◆ Stored data entries:
• • • • • • •

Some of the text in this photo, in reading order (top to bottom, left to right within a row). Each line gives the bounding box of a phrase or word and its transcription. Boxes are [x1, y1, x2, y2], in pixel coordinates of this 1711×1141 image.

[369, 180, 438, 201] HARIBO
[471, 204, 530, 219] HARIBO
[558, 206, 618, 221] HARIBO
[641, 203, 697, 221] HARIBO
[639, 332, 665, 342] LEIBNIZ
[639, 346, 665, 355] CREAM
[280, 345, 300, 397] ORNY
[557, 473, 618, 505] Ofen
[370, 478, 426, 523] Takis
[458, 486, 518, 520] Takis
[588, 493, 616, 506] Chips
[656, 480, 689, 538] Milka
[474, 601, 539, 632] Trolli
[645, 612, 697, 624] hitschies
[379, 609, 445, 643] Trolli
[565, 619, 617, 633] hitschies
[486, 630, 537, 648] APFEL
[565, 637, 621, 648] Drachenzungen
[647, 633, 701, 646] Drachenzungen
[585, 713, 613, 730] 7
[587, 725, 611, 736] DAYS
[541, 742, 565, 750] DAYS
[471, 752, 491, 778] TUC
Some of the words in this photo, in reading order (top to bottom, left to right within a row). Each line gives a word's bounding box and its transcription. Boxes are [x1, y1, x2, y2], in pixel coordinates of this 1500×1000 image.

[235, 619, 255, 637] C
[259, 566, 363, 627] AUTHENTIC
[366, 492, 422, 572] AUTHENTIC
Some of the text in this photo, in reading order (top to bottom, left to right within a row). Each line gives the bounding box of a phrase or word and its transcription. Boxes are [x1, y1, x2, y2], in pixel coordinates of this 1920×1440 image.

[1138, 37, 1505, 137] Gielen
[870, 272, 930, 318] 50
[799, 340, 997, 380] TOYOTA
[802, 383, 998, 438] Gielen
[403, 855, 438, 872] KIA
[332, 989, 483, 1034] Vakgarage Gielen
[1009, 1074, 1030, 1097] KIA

• • • • • • •

◆ THE PROBLEM: After reading the data above, print it all again exactly.

◆ RESULT FOR THIS EXERCISE:
Some of the text in this photo, in reading order (top to bottom, left to right within a row). Each line gives the bounding box of a phrase or word and its transcription. Boxes are [x1, y1, x2, y2], in pixel coordinates of this 1711×1141 image.

[369, 180, 438, 201] HARIBO
[471, 204, 530, 219] HARIBO
[558, 206, 618, 221] HARIBO
[641, 203, 697, 221] HARIBO
[639, 332, 665, 342] LEIBNIZ
[639, 346, 665, 355] CREAM
[280, 345, 300, 397] ORNY
[557, 473, 618, 505] Ofen
[370, 478, 426, 523] Takis
[458, 486, 518, 520] Takis
[588, 493, 616, 506] Chips
[656, 480, 689, 538] Milka
[474, 601, 539, 632] Trolli
[645, 612, 697, 624] hitschies
[379, 609, 445, 643] Trolli
[565, 619, 617, 633] hitschies
[486, 630, 537, 648] APFEL
[565, 637, 621, 648] Drachenzungen
[647, 633, 701, 646] Drachenzungen
[585, 713, 613, 730] 7
[587, 725, 611, 736] DAYS
[541, 742, 565, 750] DAYS
[471, 752, 491, 778] TUC
Some of the words in this photo, in reading order (top to bottom, left to right within a row). Each line gives a word's bounding box and its transcription. Boxes are [x1, y1, x2, y2], in pixel coordinates of this 1500×1000 image.

[235, 619, 255, 637] C
[259, 566, 363, 627] AUTHENTIC
[366, 492, 422, 572] AUTHENTIC
Some of the text in this photo, in reading order (top to bottom, left to right within a row). Each line gives the bounding box of a phrase or word and its transcription. Boxes are [x1, y1, x2, y2], in pixel coordinates of this 1920×1440 image.

[1138, 37, 1505, 137] Gielen
[870, 272, 930, 318] 50
[799, 340, 997, 380] TOYOTA
[802, 383, 998, 438] Gielen
[403, 855, 438, 872] KIA
[332, 989, 483, 1034] Vakgarage Gielen
[1009, 1074, 1030, 1097] KIA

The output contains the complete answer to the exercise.